Last
Thursday night, Linda and I went to Bookshop Santa Cruz to hear Lee Quarnstrom
read from his memoir When I Was a
Dynamiter, or How a Nice Catholic Boy Became a Merry Prankster, a Pornographer
and a Bridegroom 7 Times.
As one of
our local journalists put it, there probably isn’t anyone else alive who could
have written a book with that subtitle.
My interest
in going was personal. I knew Lee not as a dynamiter, a Merry Prankster, or a
pornographer, but rather as a newspaperman, and a very good one at that. When I
joined the Watsonville
Register-Pajaronian as a cub reporter in 1972, Lee was covering county
government for the paper, which he did through mid-1978. He once said that if
it weren’t for the low wages, he wouldn’t have worked anywhere else.
Eventually,
a better paying offer drew Lee to Hustler
magazine in Los Angeles, where he rose to the position of executive editor
before leaving to finish his career as a reporter with the San Jose Mercury.

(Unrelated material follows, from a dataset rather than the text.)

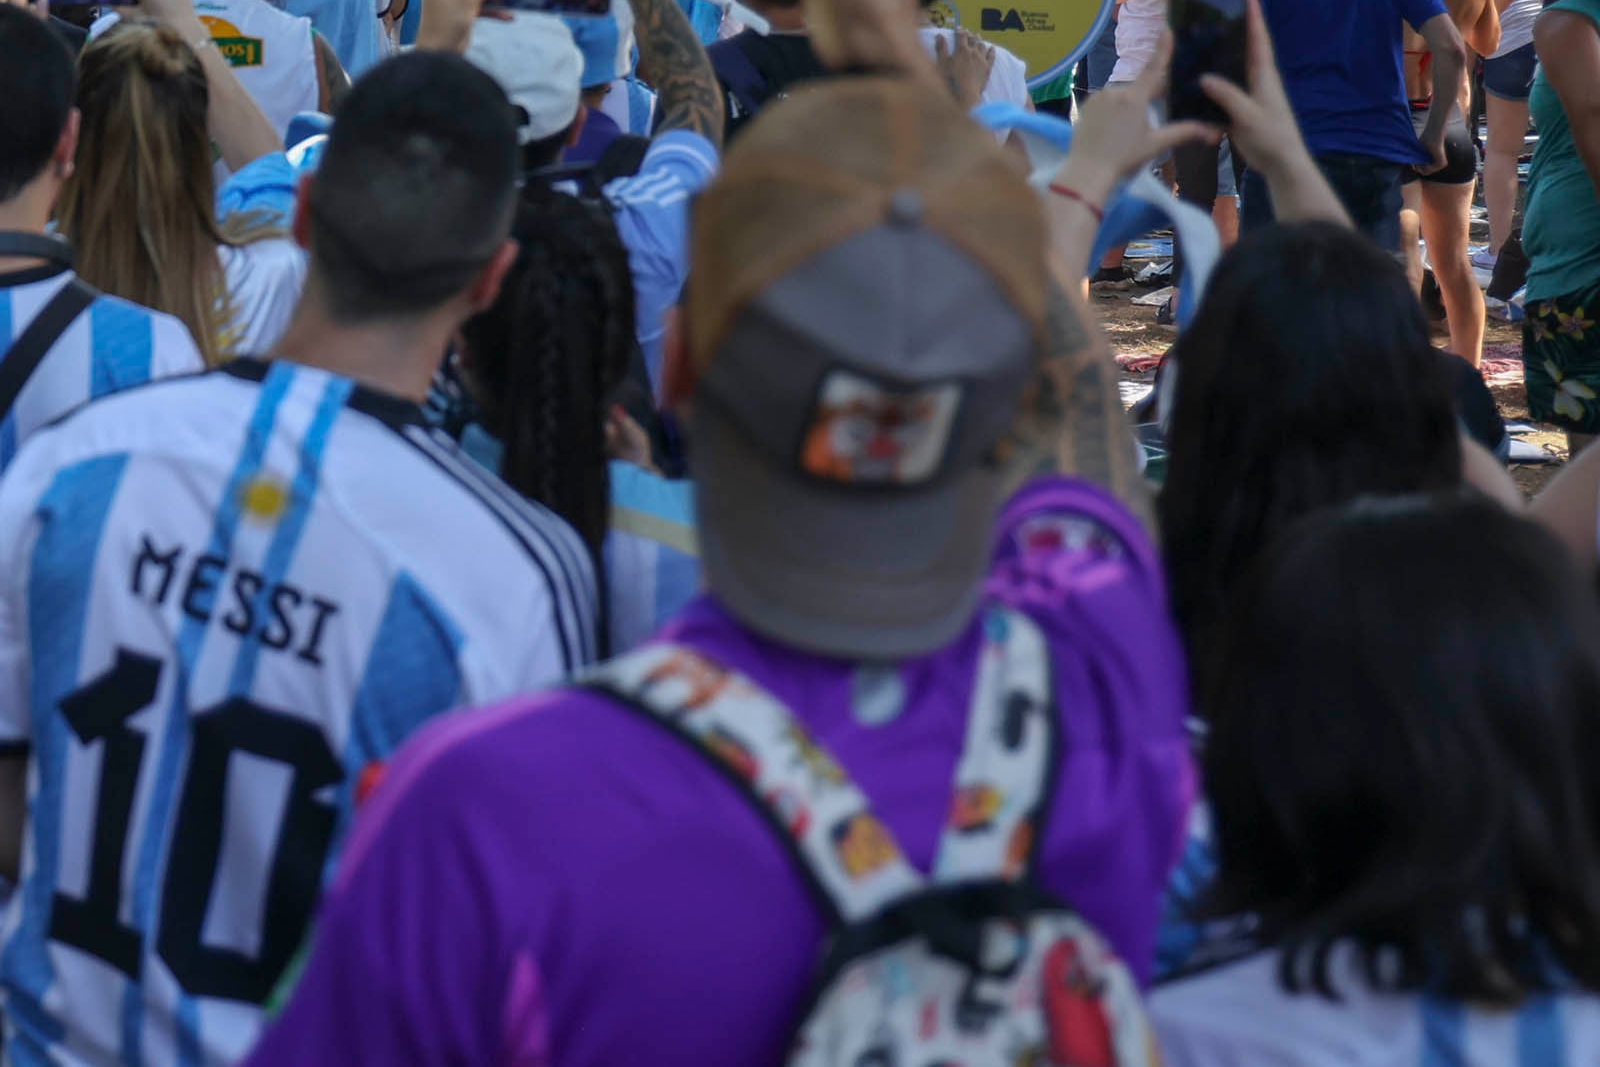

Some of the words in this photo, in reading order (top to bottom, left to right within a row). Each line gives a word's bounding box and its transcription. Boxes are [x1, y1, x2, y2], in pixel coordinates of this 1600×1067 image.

[981, 8, 1024, 32] BA
[130, 534, 339, 666] MESSI
[48, 643, 346, 1007] 10
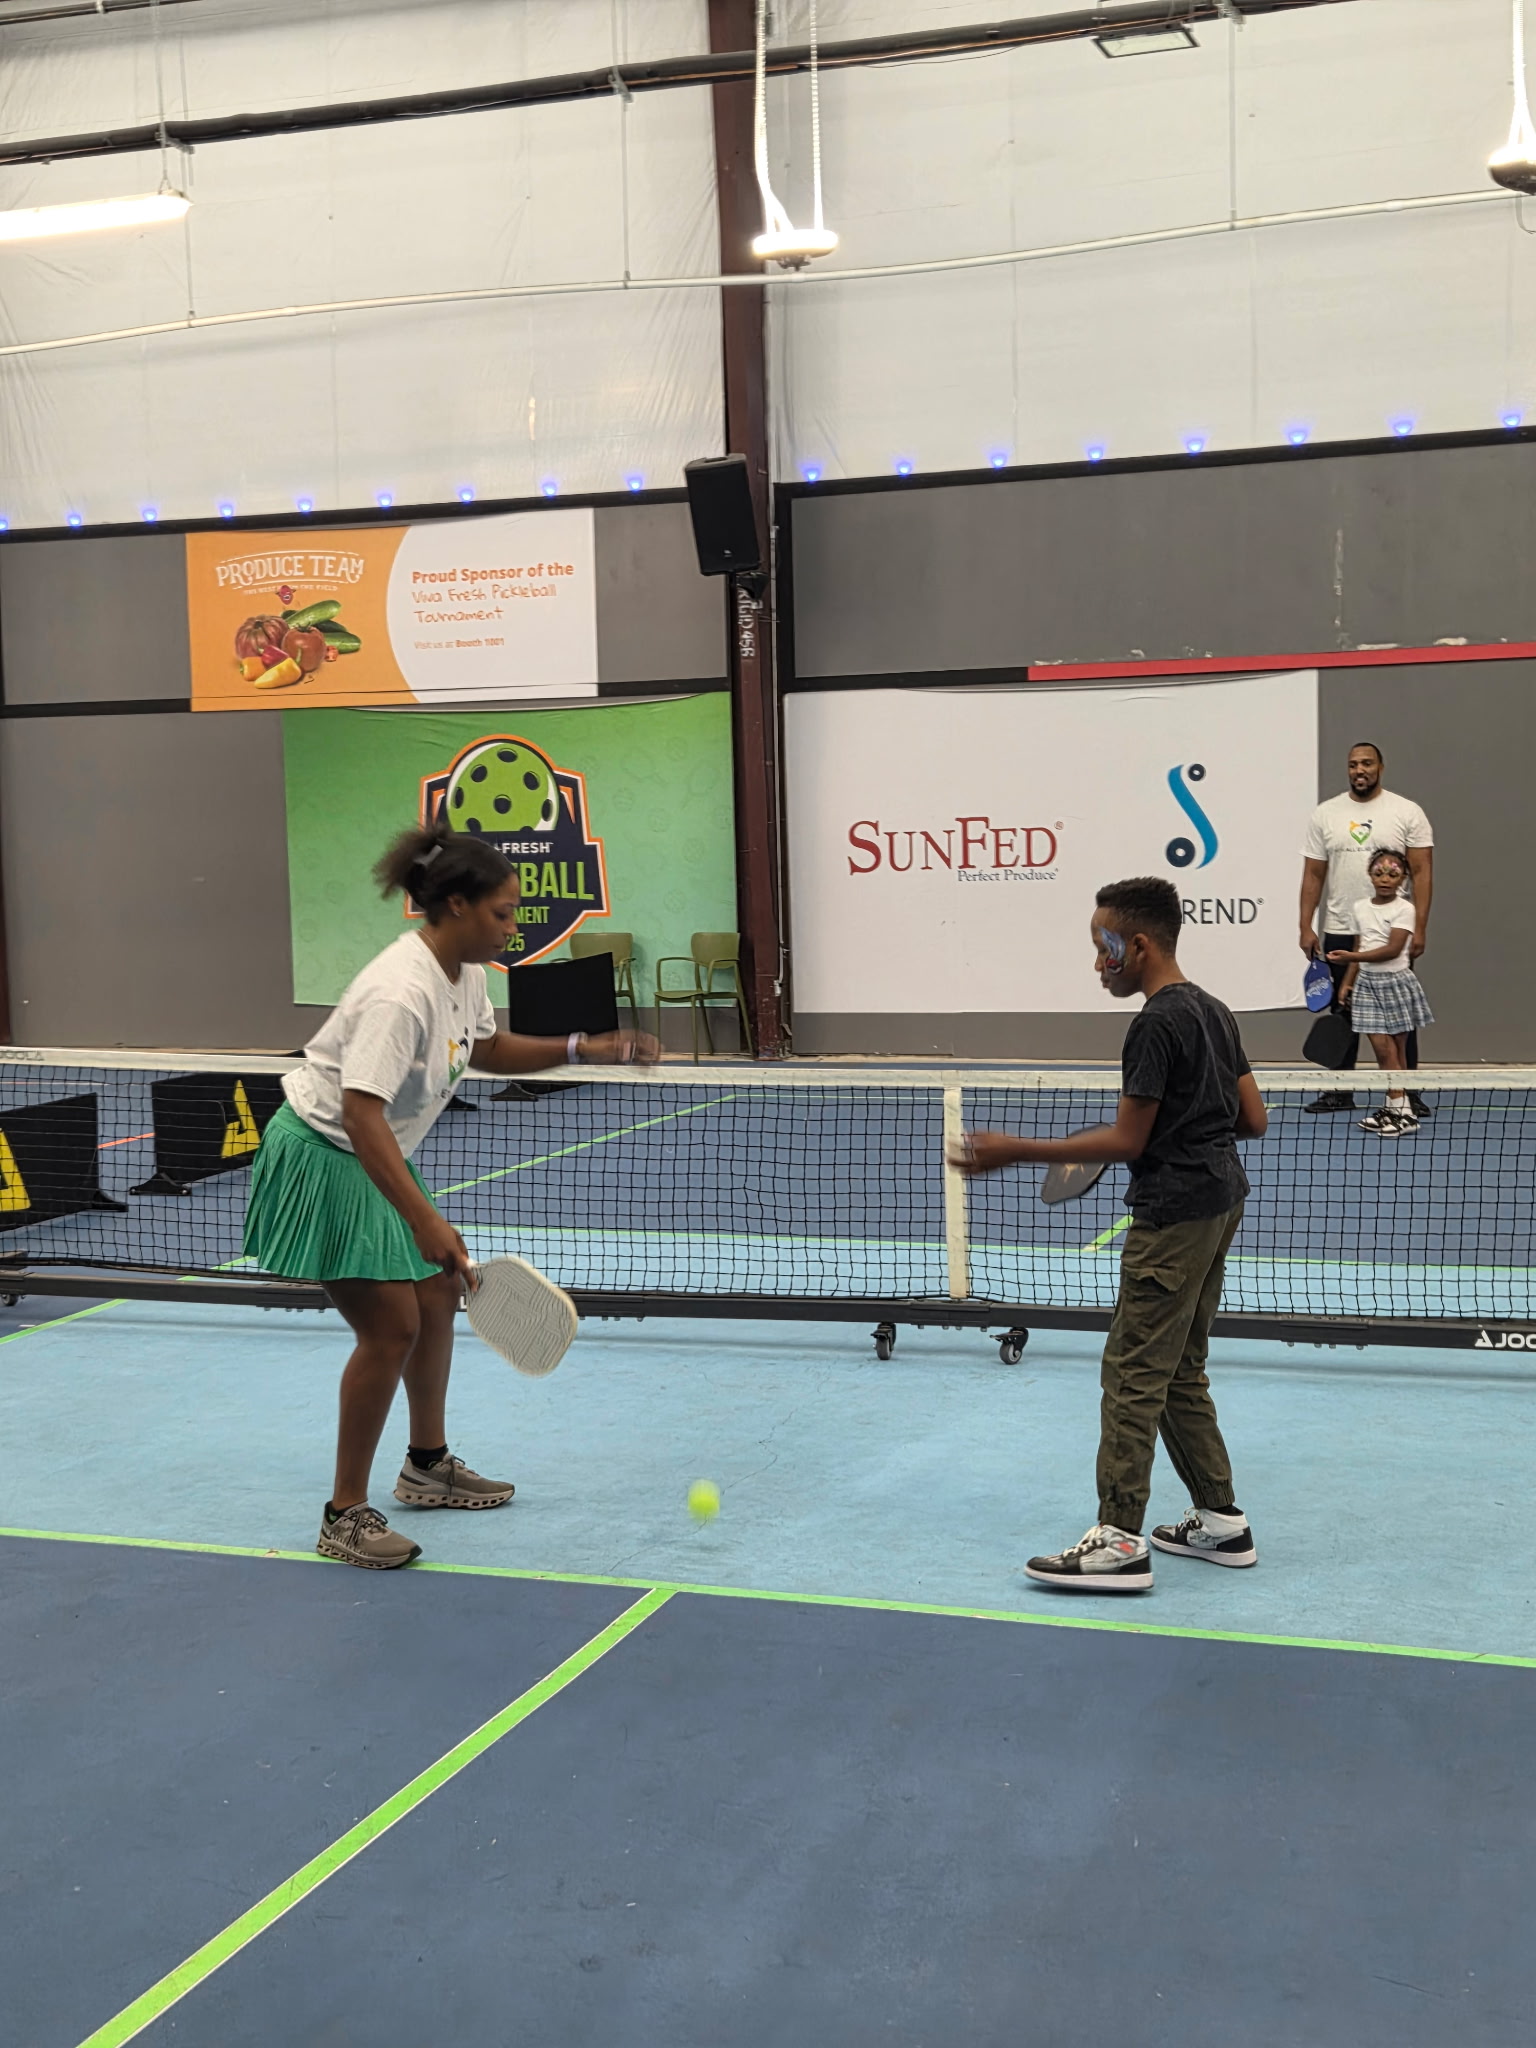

Remembering the Pranksters
I could
write an entire blog post (and maybe two or three) about Lee’s exploits as a
newspaper reporter, but those days took up a small part of the memoirs. The
book actually came out at the beginning of the year, and I bought it then and
read (and enjoyed) it in February.
Lee was one
of the people who fell into the orbit of novelist Ken Kesey (One Flew Over the Cuckoo’s Nest) and his
Merry Pranksters in the mid-1960s. Their experimentation with psychedelics and
alternative living was immortalized in Tom Wolfe’s Book The Electric Kool-Aid Acid Test.
Their home
base was La Honda, a small community nestled in a redwood-shaded canyon about
30 miles north of Santa Cruz, where the book reading was held. A number of
people from what is now commonly referred to as the hippie scene of the sixties
are still around, particularly in Santa Cruz. It occurred to me that he should
have a large built-in audience for his book reading, if only they could stay up
past their normal bedtimes.
Those Were the Days
I shouldn’t
have worried. When I got to the bookstore 20 minutes before the start of the
reading, every seat was already taken. I was able to talk to Lee for a couple
of minutes, then was able to grab a chair when the bookstore staff started
putting out some extras. It was still standing room only, and I was sitting
behind some of the standees, so I could hear the reading, but not see the
author.
Over a
period of a bit over an hour, Lee read sections from his memoir about why he
was a skinny kid (his mom was clueless about cooking), how the Merry Pranksters
were raided by the San Mateo County Sheriff’s Department, and what happened
when one of the employees of Hustler
went out to buy a live chicken as a wedding present for Publisher Larry Flynt.
Don’t ask.
Being with
Kesey and the Pranksters, Lee was an eyewitness to a distinct moment in
American cultural history. It’s still up in the air how important a moment it
will turn out to be, but in his book, Lee captured quite a bit of it for
posterity. As he read from that book on a rainy late-fall night in Santa Cruz,
all of us in the audience had a rare opportunity to be there with him.